*DATA FOR THE TASK*:
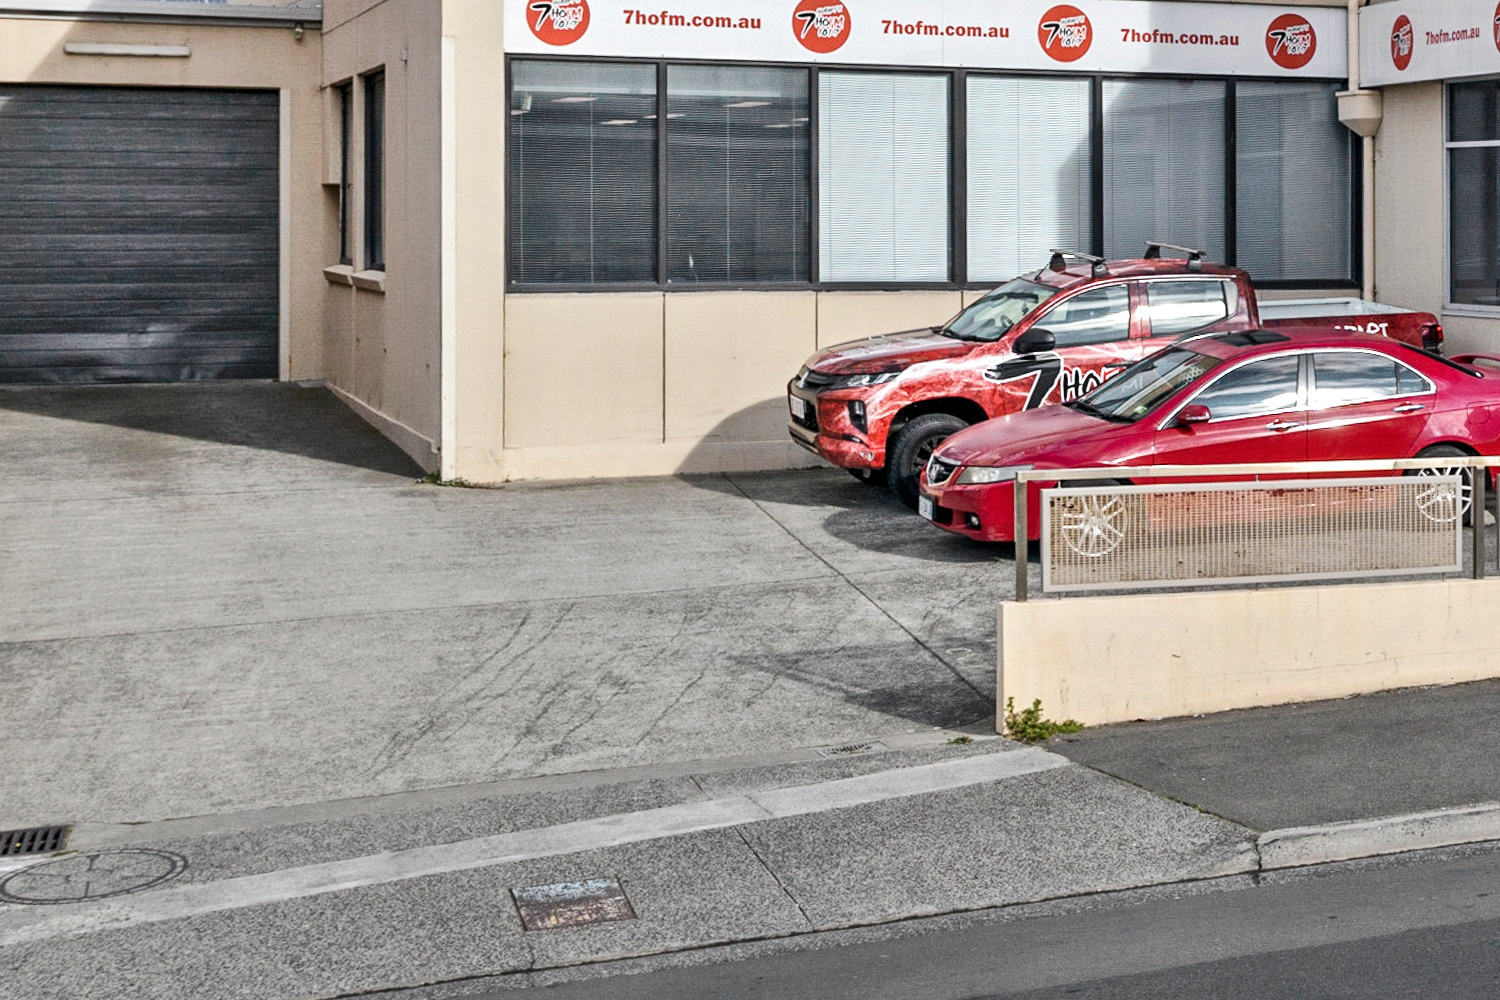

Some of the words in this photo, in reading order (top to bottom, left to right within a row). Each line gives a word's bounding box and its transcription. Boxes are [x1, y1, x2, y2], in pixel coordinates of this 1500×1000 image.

[624, 10, 761, 29] 7hofm.com.au
[882, 20, 1009, 38] 7hofm.com.au
[1121, 29, 1238, 45] 7hofm.com.au
[1426, 27, 1480, 44] 7hofm.com.au
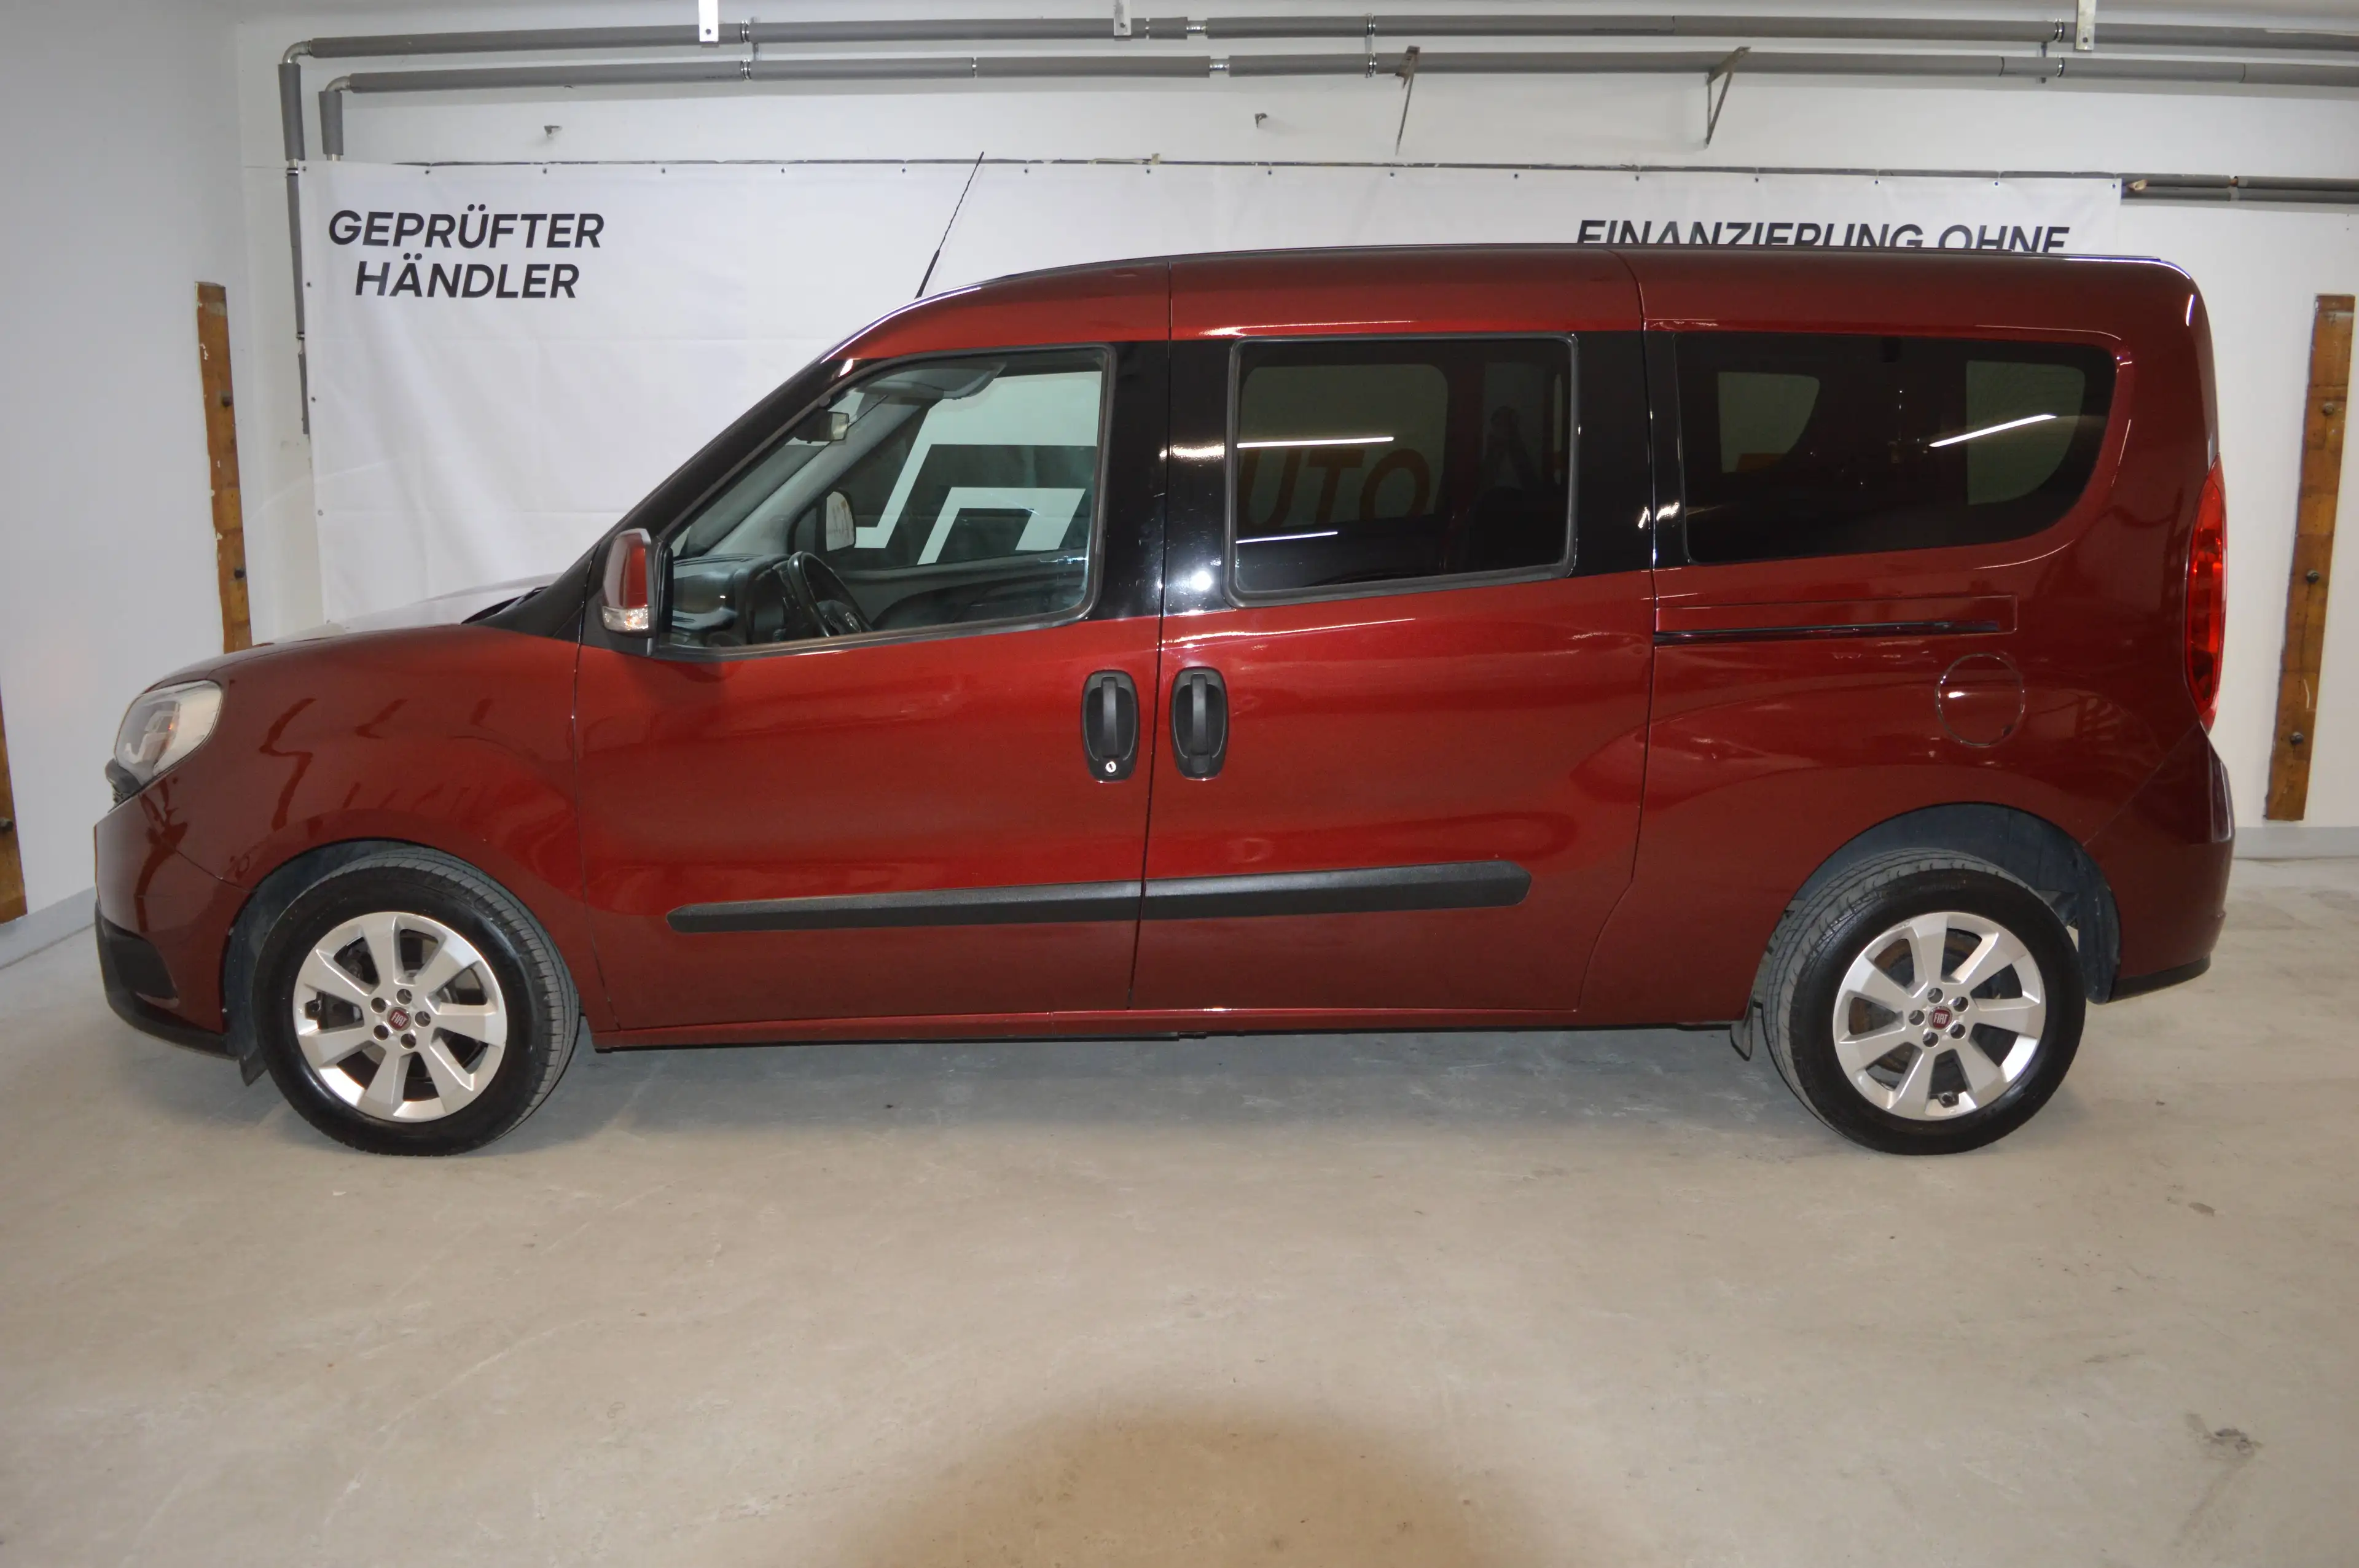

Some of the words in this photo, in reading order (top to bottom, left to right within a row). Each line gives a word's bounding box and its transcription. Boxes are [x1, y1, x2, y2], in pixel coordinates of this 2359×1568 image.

[329, 204, 604, 249] GEPRÜFTER
[355, 253, 579, 298] HÄNDLER
[391, 1012, 407, 1026] FIAT
[1933, 1013, 1947, 1024] FIAT

*ACTIVITY*:
With the line containing "this 2359×1568 image." as the start and the last line of the material above as the end, copy that run of lines exactly, both ends included, and nothing more.

*RESULT OF THIS TASK*:
Some of the words in this photo, in reading order (top to bottom, left to right within a row). Each line gives a word's bounding box and its transcription. Boxes are [x1, y1, x2, y2], in pixel coordinates of this 2359×1568 image.

[329, 204, 604, 249] GEPRÜFTER
[355, 253, 579, 298] HÄNDLER
[391, 1012, 407, 1026] FIAT
[1933, 1013, 1947, 1024] FIAT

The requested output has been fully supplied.